15. In respect of the second point, the learned Magistrate was clearly in error. Section 633 of the Act confers power on the Court to grant relief in certain cases and Section 633(1) reads thus:
'If in any proceeding for negligence, default, breach of duty, misfeasance or broach of trust against an officer of A company, it appears to the Court hearing the case that he is or mav be liable In respect of the negligence, default, breach of duly, misfeasance or breach of trust, but that he has acted honestly and reasonably, and that having regard to all the circumstances of the case, including those connected with his appointment, he ought fairly to be excused, the Court may relieve him, either wholly or partly, from his liability on such terms as it may think fit'
Under this provision. It Is not the criminal Intention which is required for consideration. Obviously, negligence and default mentioned in Section 633(1) will not Involve criminal intention on the part of the person who is proceeded against for negligence or default.
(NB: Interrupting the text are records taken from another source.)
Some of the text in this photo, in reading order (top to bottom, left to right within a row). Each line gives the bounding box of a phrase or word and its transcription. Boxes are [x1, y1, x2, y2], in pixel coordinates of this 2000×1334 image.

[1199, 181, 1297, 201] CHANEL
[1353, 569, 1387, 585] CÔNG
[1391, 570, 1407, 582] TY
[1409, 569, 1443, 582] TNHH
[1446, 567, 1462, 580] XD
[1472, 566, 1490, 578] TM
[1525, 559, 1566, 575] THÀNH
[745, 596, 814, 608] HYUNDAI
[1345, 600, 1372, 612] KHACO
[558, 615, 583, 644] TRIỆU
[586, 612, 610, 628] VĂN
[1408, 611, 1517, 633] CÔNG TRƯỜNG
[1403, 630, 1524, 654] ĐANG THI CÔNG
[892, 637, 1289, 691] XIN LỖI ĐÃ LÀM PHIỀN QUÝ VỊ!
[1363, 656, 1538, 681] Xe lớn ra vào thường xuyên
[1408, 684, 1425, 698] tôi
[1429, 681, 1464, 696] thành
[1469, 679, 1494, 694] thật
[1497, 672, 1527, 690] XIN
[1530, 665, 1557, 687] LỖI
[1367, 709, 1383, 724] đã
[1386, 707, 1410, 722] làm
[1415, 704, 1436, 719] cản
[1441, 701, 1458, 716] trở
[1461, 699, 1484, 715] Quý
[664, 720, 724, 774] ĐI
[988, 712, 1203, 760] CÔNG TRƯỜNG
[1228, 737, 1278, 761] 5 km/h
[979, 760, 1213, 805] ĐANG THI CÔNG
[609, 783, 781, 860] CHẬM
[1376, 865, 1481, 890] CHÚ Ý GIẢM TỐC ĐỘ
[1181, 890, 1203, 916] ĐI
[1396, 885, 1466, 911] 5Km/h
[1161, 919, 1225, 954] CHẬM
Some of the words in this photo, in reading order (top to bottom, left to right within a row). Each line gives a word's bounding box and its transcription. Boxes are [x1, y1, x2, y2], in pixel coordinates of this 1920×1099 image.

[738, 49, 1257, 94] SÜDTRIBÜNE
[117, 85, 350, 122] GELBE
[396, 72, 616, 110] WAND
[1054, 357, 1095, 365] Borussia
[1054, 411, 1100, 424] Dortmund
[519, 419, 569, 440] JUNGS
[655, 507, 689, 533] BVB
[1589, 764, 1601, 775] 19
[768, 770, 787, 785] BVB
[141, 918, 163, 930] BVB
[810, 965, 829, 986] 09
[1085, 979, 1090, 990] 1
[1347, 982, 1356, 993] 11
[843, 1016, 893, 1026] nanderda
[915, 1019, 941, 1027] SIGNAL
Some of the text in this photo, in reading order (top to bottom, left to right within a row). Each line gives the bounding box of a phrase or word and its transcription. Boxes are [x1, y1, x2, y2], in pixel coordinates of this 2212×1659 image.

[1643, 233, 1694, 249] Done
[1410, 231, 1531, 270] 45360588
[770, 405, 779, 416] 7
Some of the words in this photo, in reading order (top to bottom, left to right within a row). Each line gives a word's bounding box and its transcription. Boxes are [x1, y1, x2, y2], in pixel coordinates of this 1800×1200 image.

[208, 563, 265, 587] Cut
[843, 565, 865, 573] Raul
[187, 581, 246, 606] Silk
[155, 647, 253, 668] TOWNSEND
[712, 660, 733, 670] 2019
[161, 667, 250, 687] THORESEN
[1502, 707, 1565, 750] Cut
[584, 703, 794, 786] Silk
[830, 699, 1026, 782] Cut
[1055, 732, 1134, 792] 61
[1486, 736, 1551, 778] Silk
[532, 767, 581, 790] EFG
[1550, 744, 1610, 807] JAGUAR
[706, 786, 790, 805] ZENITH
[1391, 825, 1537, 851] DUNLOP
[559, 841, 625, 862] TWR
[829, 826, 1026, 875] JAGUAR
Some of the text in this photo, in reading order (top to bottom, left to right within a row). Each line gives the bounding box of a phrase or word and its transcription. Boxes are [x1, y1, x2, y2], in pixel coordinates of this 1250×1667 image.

This section gives a discretion to the Court to relieve the person proceeded against for those acts mentioned therein, provided the Court finds that that person has acted honestly and reasonably and also the other circumstances of the case including the circumstances leading to the appointment of such person and in doing so, it could relieve him either wholly or partly from his liability on such terms as it may think fit. To deal with a person under this provision, the absence of criminal intention is irrelevant But what is relevant is whether he acted honestly namely, in good faith and whether he had any justifiable reason to escape from the liability. This section cannot be equated with a discharge or acquittal provided under the Criminal Procedure Code. This section will apply to all legal proceedings civil or criminal or otherwise instituted under this Act.
16. In the result, the appeal is dismissed.